BACKGROUND OF THE INVENTION
[0002] Portable navigation devices (PNDs) that include GNSS (Global
Navigation Satellite Systems) signal reception and processing
functionality are well known and are widely employed as in-car or
other vehicle navigation systems. Such devices include a GNSS
antenna, such as a GPS antenna, by means of which
satellite-broadcast signals, including location data, can be
received and subsequently processed to determine a current location
of the device. The PND device may also include electronic
gyroscopes and accelerometers which produce signals that can be
processed to determine the current angular and linear acceleration,
and in turn, and in conjunction with location information derived
from the GPS signal, velocity and relative displacement of the
device and this vehicle in which it is typically mounted. Such
sensors are most commonly provided in in-vehicle navigation
systems, but may also be provided in the PND device itself.
[0003] In recent years, GPS has started to be used for pedestrian
and outdoor applications. Currently there are a significant number
of portable personal training devices having location determining
capabilities available on the market for use e.g. in sporting
activities, pedestrian travel and other outdoor applications.
Portable personal training devices are devices that may be worn by
runners, joggers, cyclists and other athletes and outdoor
enthusiasts, etc, and which can track and record data indicative of
the movement of the user over time, e.g. the pace of the user at
particular moments during a workout and/or the distance covered by
the user during the workout. For example, sports watches that
include GPS antennas have started to be used by such users as a
means to obtain real-time data of their speed, distance travelled,
etc. The GPS data is also typically stored on such devices such
that it can be analysed after the athlete has finished their
activity, e.g. in some cases by transferring the collected data to
a computer or website to be displayed as traces on a digital map
(i.e. in a form of Geographic Information System (GIS)).

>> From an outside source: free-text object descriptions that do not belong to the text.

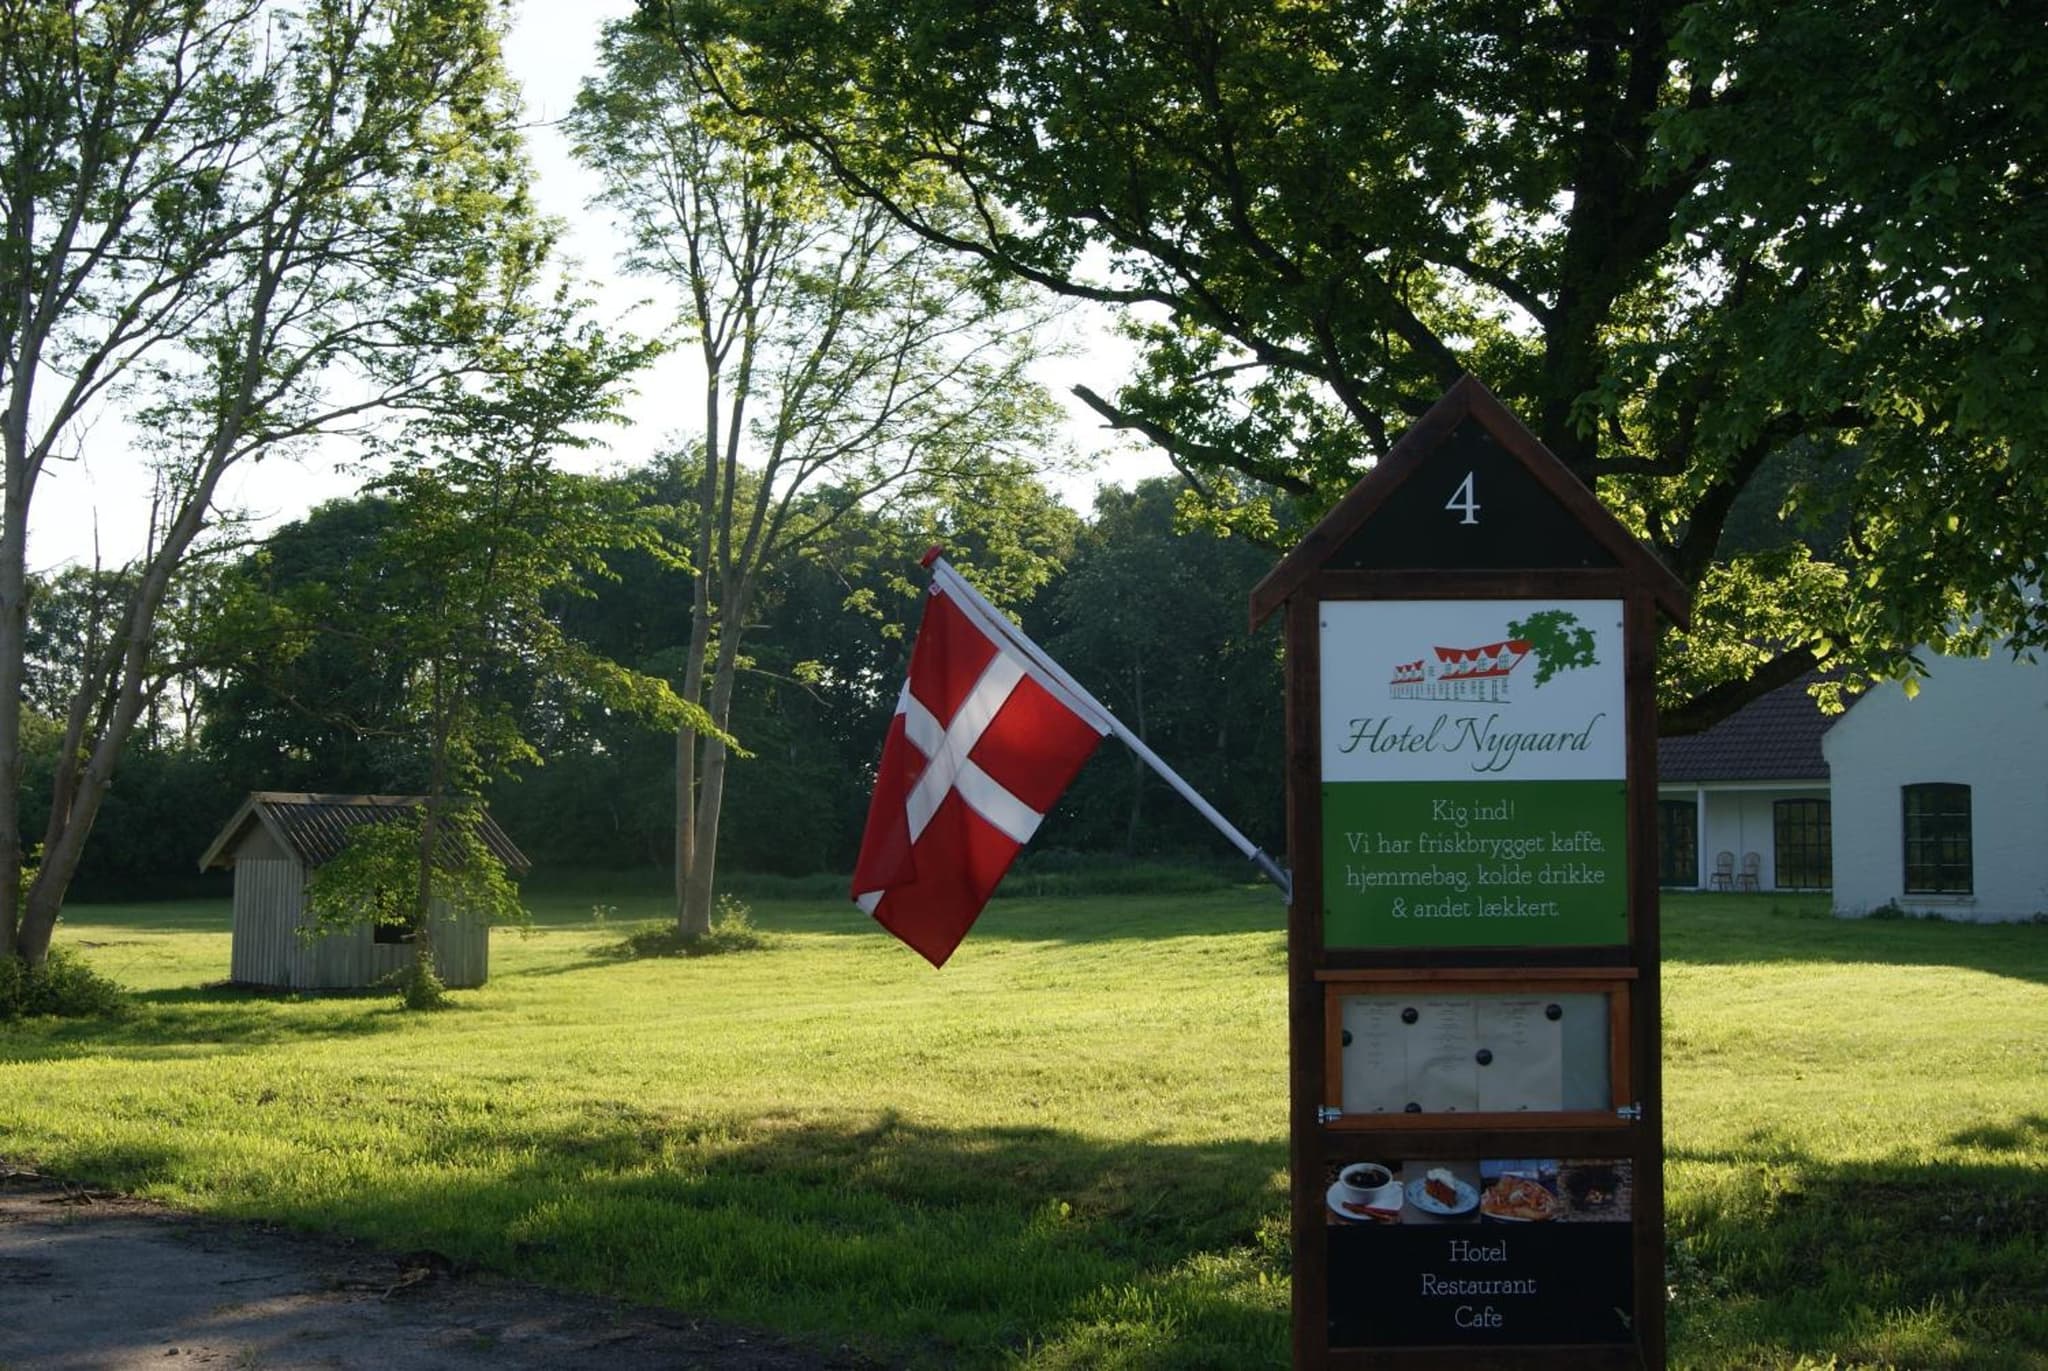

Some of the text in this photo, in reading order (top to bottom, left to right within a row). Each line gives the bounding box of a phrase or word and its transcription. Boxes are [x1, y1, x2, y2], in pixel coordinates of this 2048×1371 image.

[1445, 471, 1481, 525] 4
[1339, 712, 1606, 772] Hotel Nygaard
[1432, 800, 1468, 828] Kig
[1345, 833, 1369, 853] Vi
[1377, 833, 1411, 853] har
[1419, 832, 1544, 860] friskbrygget
[1478, 865, 1532, 885] kolde
[1538, 863, 1605, 885] drikke
[1391, 897, 1408, 918] &
[1414, 897, 1472, 918] andet
[1449, 1240, 1508, 1262] Hotel
[1421, 1273, 1537, 1295] Restaurant
[1454, 1305, 1504, 1328] Cafe
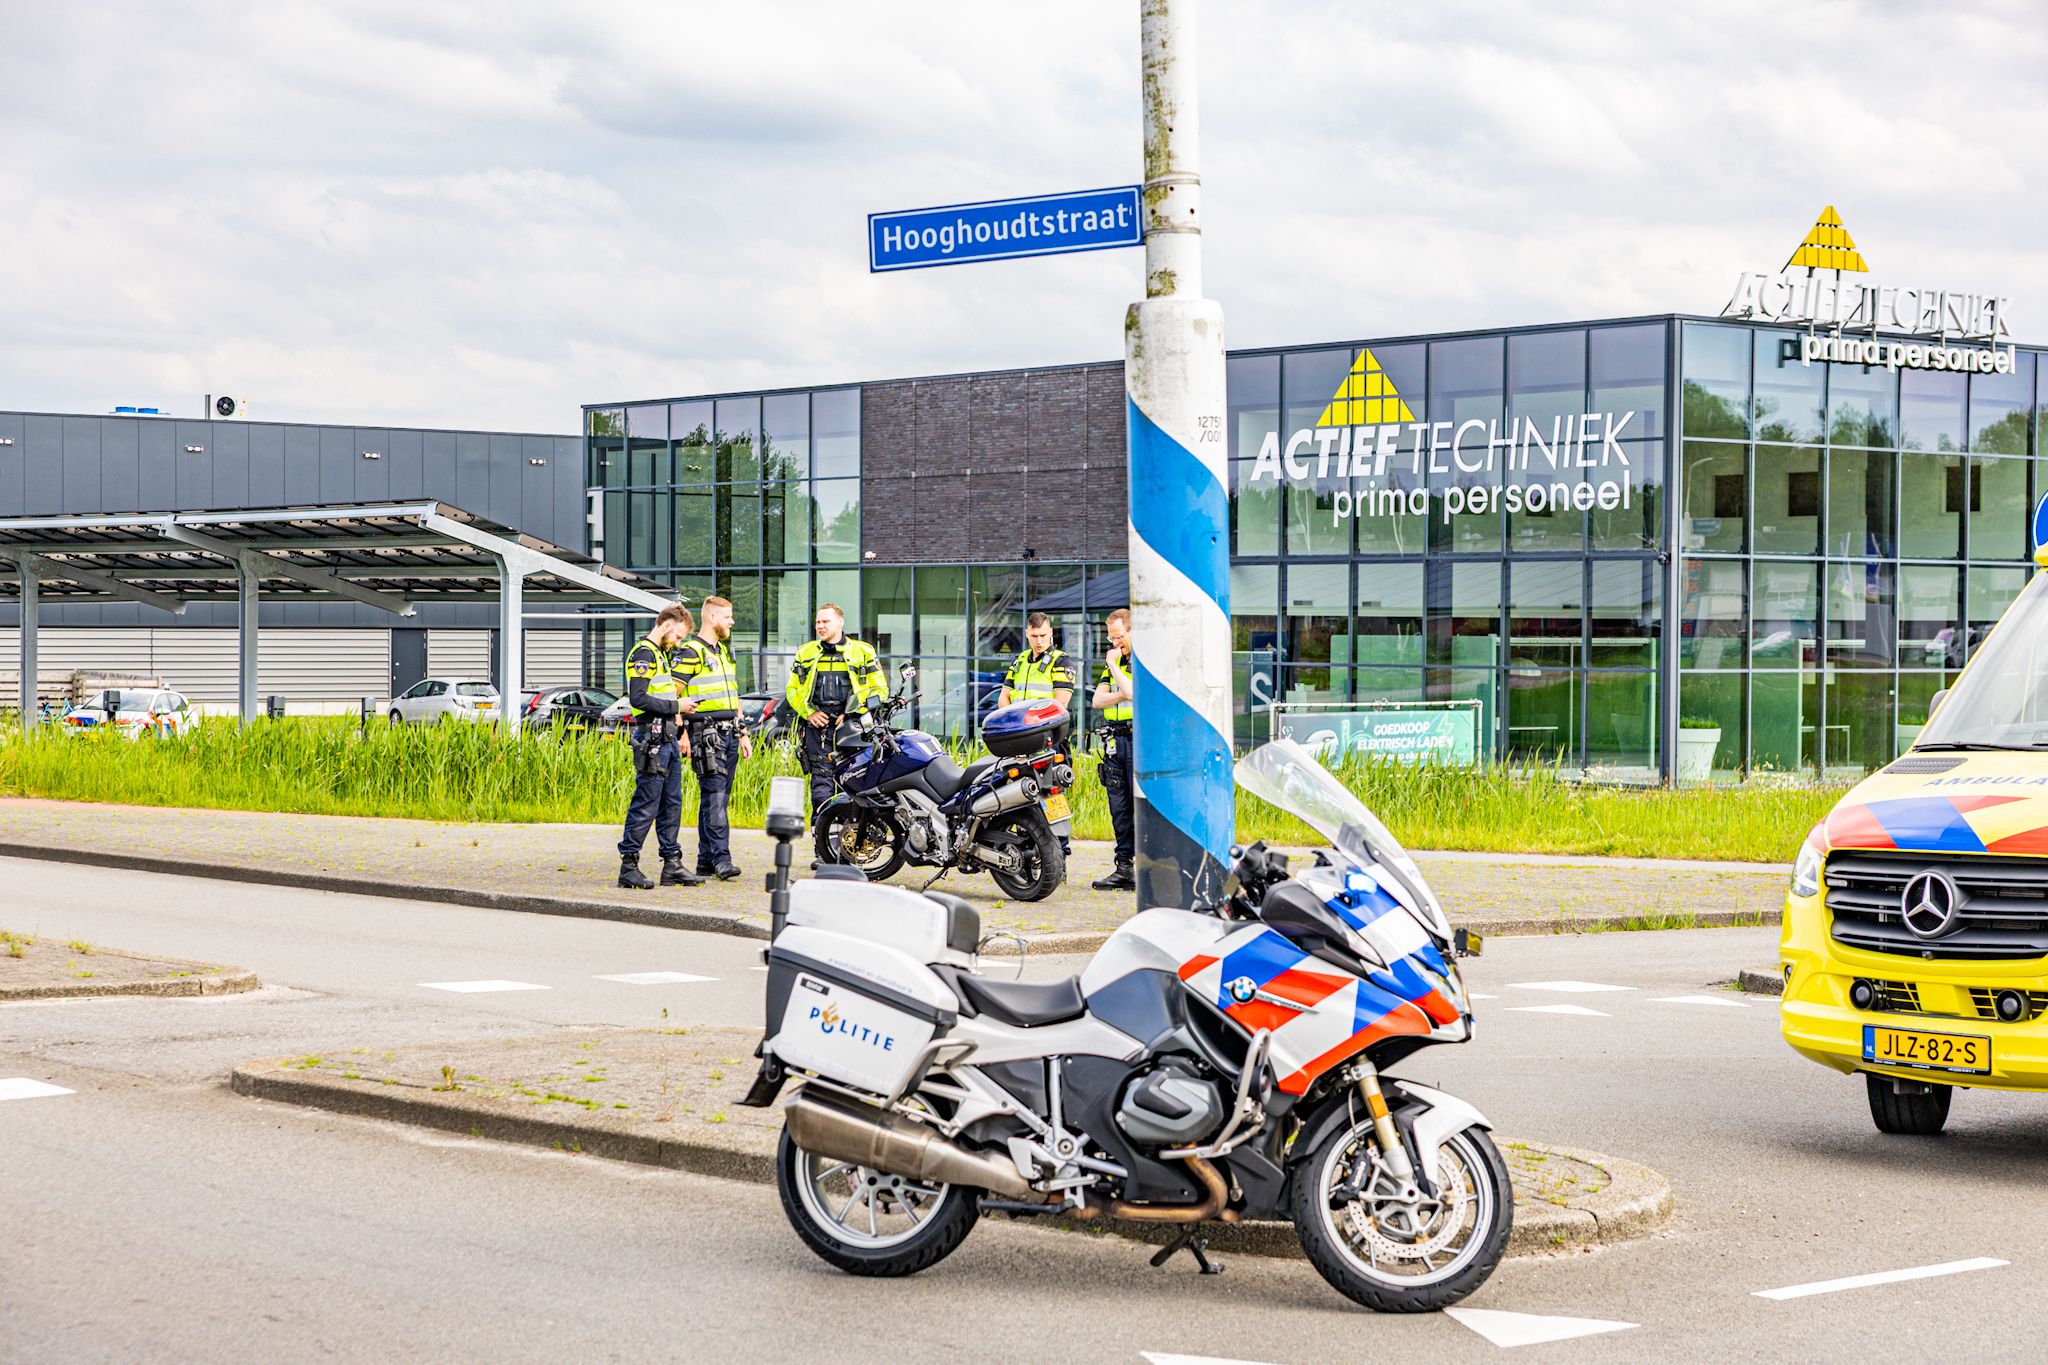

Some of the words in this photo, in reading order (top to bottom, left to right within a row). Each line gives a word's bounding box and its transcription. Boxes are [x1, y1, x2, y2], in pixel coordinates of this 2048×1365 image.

[0004] Such portable personal training devices can also be linked
with sensors, such as a heart rate sensor (that is typically worn
on a strap around a user's chest), such that heart rate data can be
collected and stored on the device during a period of exercise. The
collected data can then be transferred from the device to a
computer or website, together with the GPS data, to allow a user to
see their level of physical exertion whilst undertaking the
exercise.
[0005] It is therefore known in the art to track a course for a
workout, e.g. using a portable personal training device, and
compare user physical parameters such as heart rate, travel time
and other parameters between individuals and between separate trips
for a single individual.
[0006] However, the Applicant has realised that there remains a
need for a method and system that will allow routes to be proposed
to users for navigation by the user under their own power, and, in
particular, which involve off-road navigable segments. There is
also a need for improved methods of generating an electronic map
comprising off-road navigable segments.
SUMMARY OF THE INVENTION
[0007] In accordance with a first aspect of the invention there is
provided a method for creating cost data for use in generating
routes across an electronic map of navigable segments, the method
comprising:
[0008] receiving probe data from a plurality of users, the probe
data comprising, for each user, movement data indicative of the
movements of the user with respect to time, and physical exertion
data indicative of at least one measure of physical exertion
associated with the movements of the user over time; and
[0009] processing the received probe data for each user using an
ability profile for the user to enable normalized routing cost data
for navigable segments of the electronic map to be generated.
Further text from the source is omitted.